(Dataset entries)
[Start of Attachment]
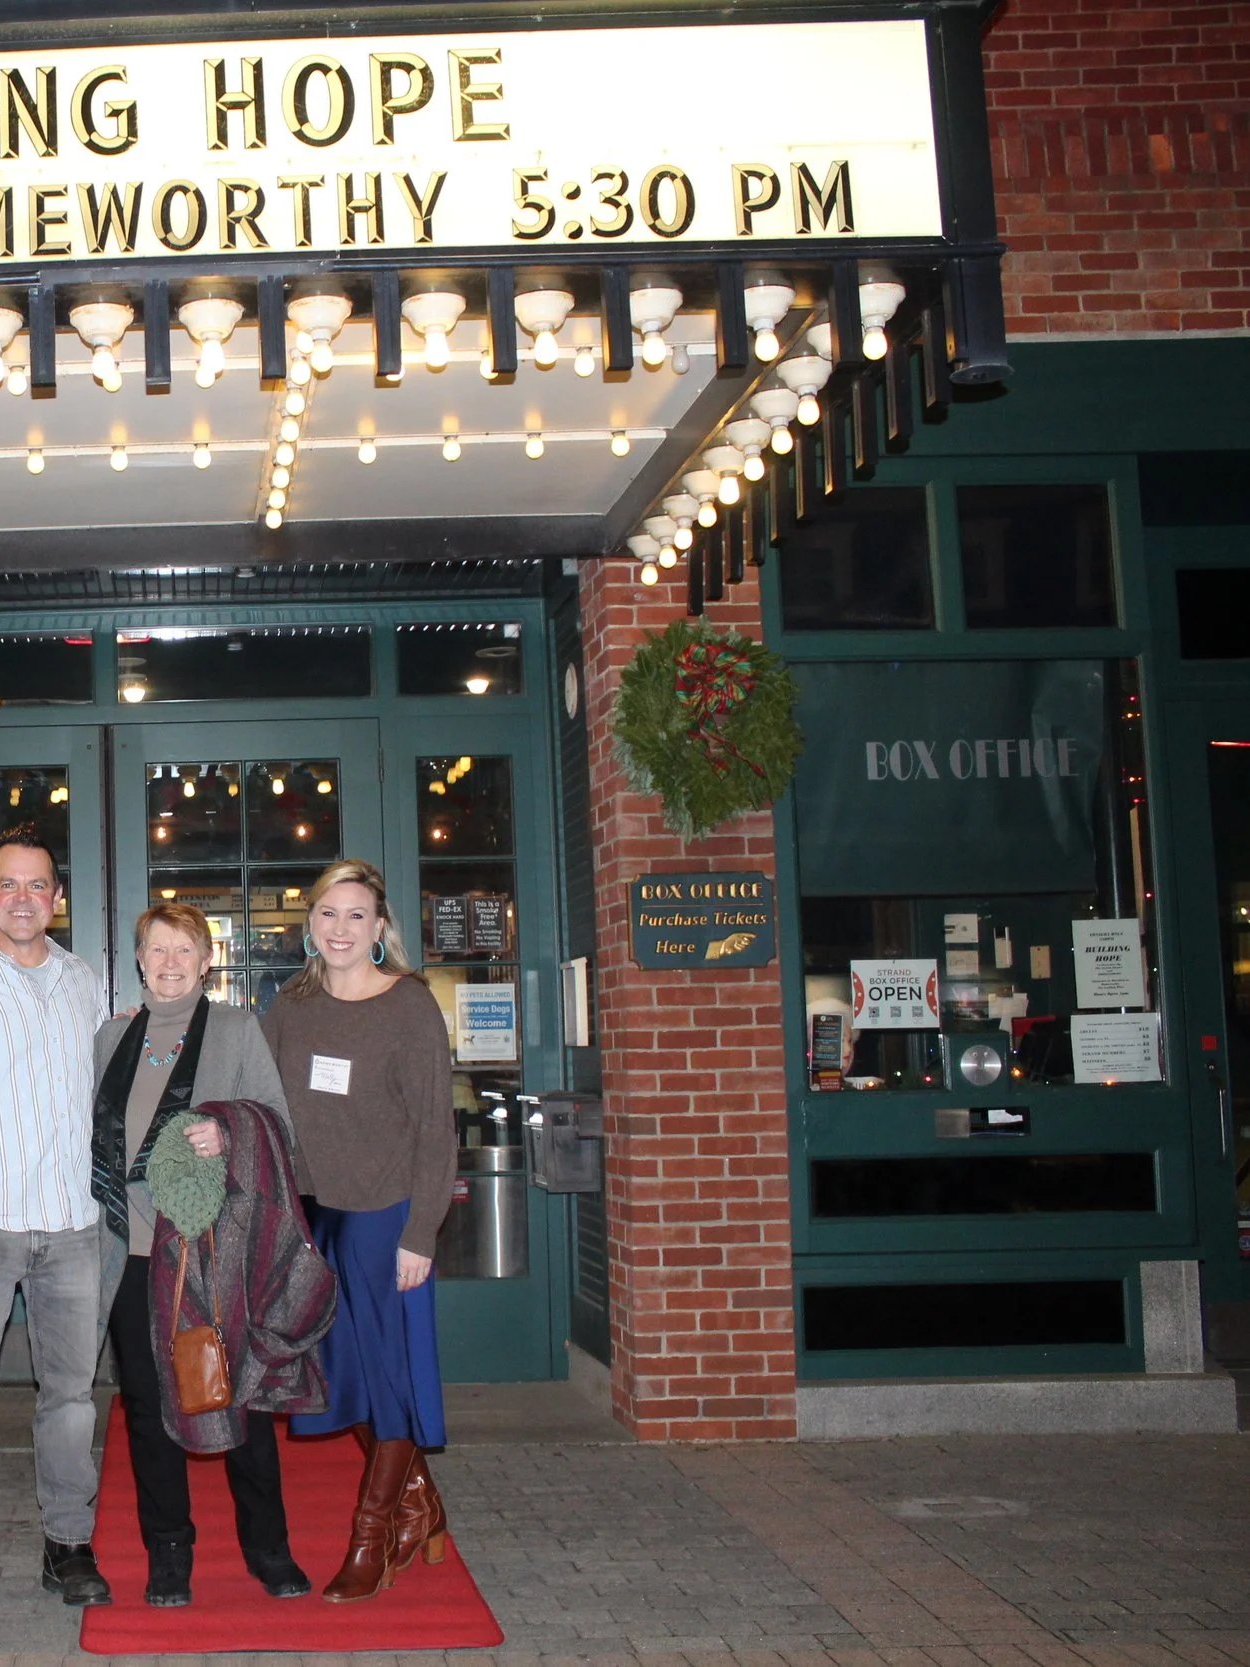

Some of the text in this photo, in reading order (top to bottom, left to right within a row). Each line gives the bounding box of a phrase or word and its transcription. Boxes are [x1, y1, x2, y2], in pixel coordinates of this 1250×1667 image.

[204, 48, 510, 151] HOPE
[512, 164, 695, 240] 5:30
[732, 160, 854, 235] PM
[866, 738, 1079, 781] BOX OFFICE
[641, 882, 764, 900] BOX OFFICE
[639, 911, 767, 926] Purchase Tickets
[656, 940, 696, 954] Here
[1085, 945, 1130, 953] BUILDING
[869, 986, 921, 1001] OPEN
[462, 1005, 510, 1014] Service Dogs
[466, 1019, 507, 1027] Welcome
[End of Attachment]
The data above must be given again in full and unaltered, minus its images.

■ **RESPONSE TO THIS EXERCISE**:
Some of the text in this photo, in reading order (top to bottom, left to right within a row). Each line gives the bounding box of a phrase or word and its transcription. Boxes are [x1, y1, x2, y2], in pixel coordinates of this 1250×1667 image.

[204, 48, 510, 151] HOPE
[512, 164, 695, 240] 5:30
[732, 160, 854, 235] PM
[866, 738, 1079, 781] BOX OFFICE
[641, 882, 764, 900] BOX OFFICE
[639, 911, 767, 926] Purchase Tickets
[656, 940, 696, 954] Here
[1085, 945, 1130, 953] BUILDING
[869, 986, 921, 1001] OPEN
[462, 1005, 510, 1014] Service Dogs
[466, 1019, 507, 1027] Welcome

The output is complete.